◆ **Stored entries**
*** Begin section ***
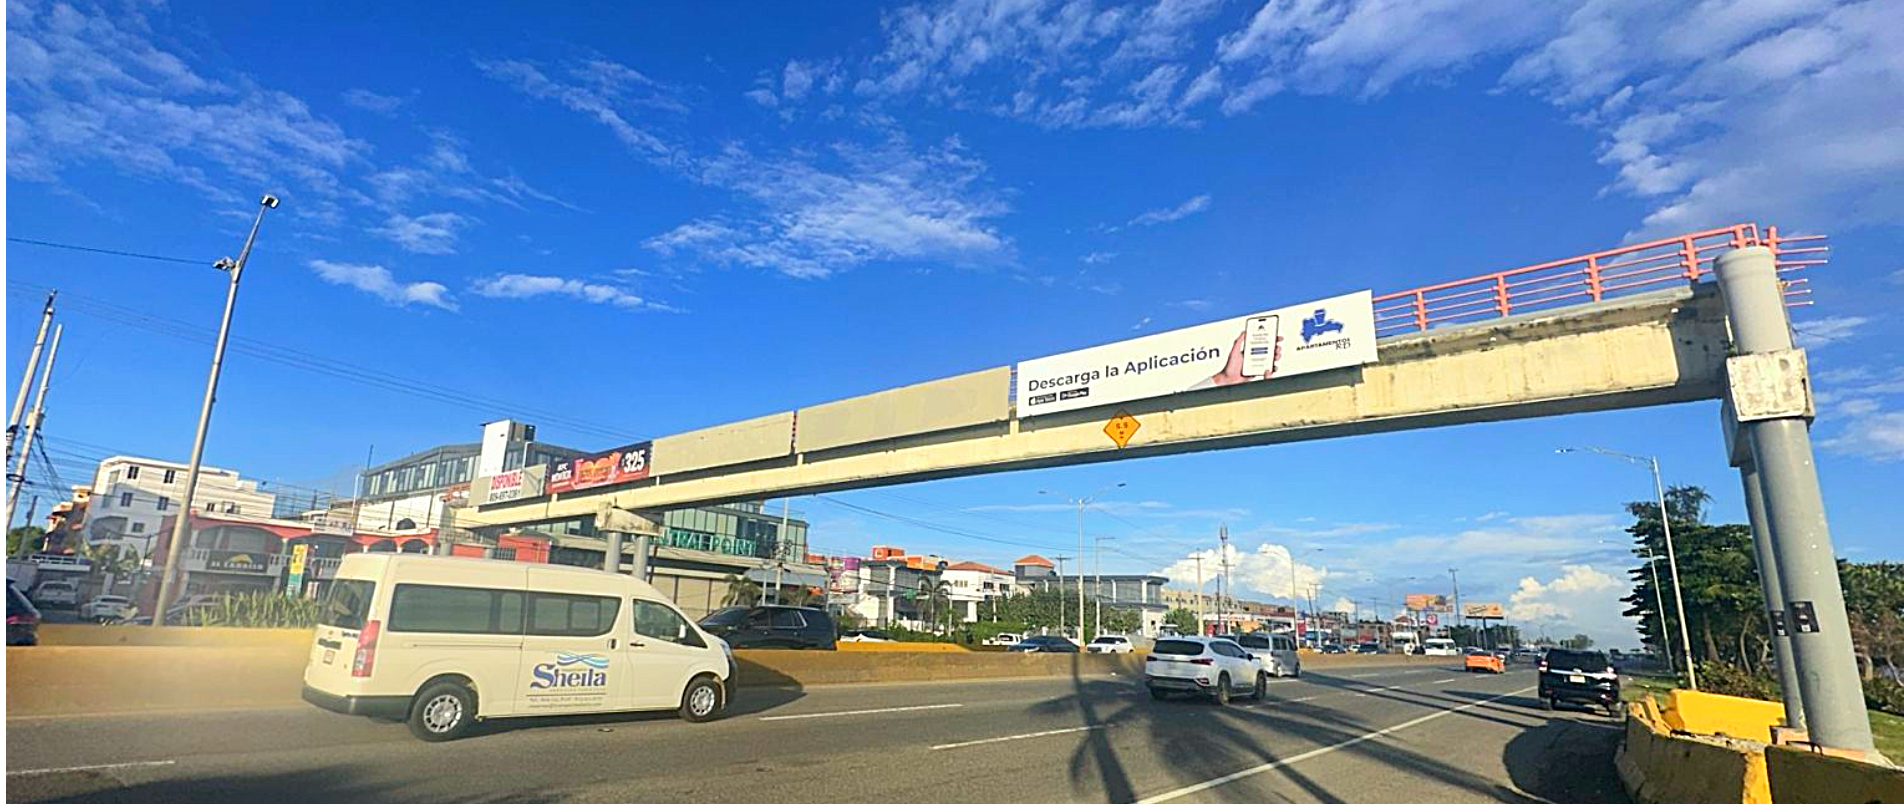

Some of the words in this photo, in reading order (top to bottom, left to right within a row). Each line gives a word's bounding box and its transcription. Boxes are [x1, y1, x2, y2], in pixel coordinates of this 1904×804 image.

[1296, 338, 1350, 351] APARTAMENTOS
[1028, 370, 1100, 392] Descarga
[1105, 365, 1119, 378] la
[1124, 345, 1220, 375] Aplicación
[491, 470, 522, 489] DISPONIBLE
[709, 534, 757, 557] POINT
[530, 663, 606, 689] Sheila
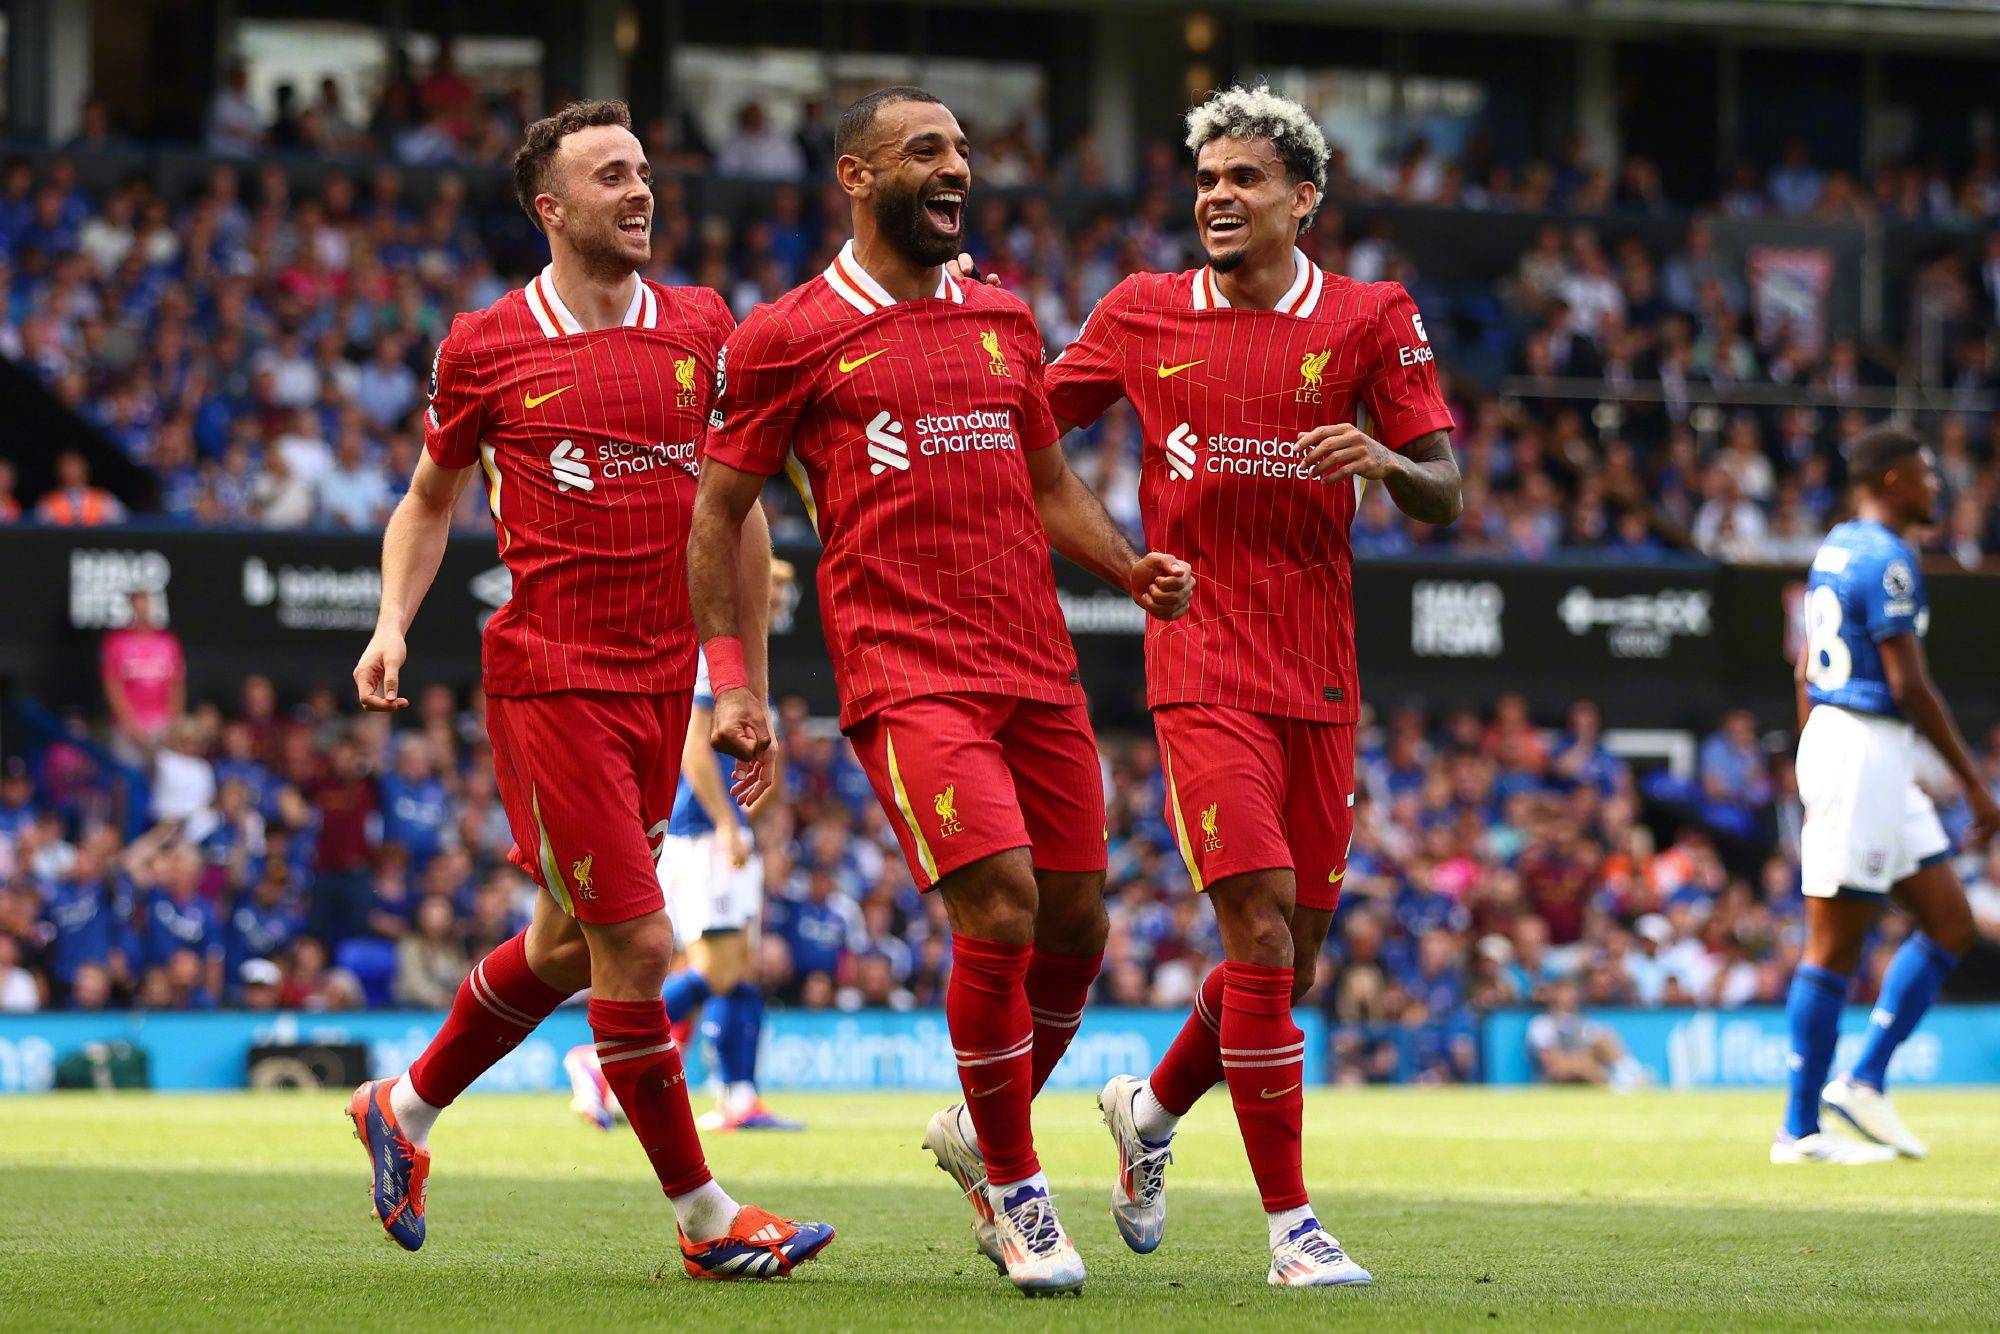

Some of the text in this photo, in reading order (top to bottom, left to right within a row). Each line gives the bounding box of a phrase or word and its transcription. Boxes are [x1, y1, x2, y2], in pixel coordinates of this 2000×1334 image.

[915, 409, 1010, 435] standard
[920, 430, 1016, 456] chartered
[1207, 433, 1316, 459] standa
[1804, 584, 1852, 691] 8
*** End section ***
Your answer should be an exact copy of the entries above, with no images included.

Some of the words in this photo, in reading order (top to bottom, left to right within a row). Each line gives a word's bounding box and its transcription. Boxes are [x1, y1, x2, y2], in pixel coordinates of this 1904×804 image.

[1296, 338, 1350, 351] APARTAMENTOS
[1028, 370, 1100, 392] Descarga
[1105, 365, 1119, 378] la
[1124, 345, 1220, 375] Aplicación
[491, 470, 522, 489] DISPONIBLE
[709, 534, 757, 557] POINT
[530, 663, 606, 689] Sheila

Some of the text in this photo, in reading order (top to bottom, left to right within a row). Each line gives the bounding box of a phrase or word and its transcription. Boxes are [x1, y1, x2, y2], in pixel coordinates of this 2000×1334 image.

[915, 409, 1010, 435] standard
[920, 430, 1016, 456] chartered
[1207, 433, 1316, 459] standa
[1804, 584, 1852, 691] 8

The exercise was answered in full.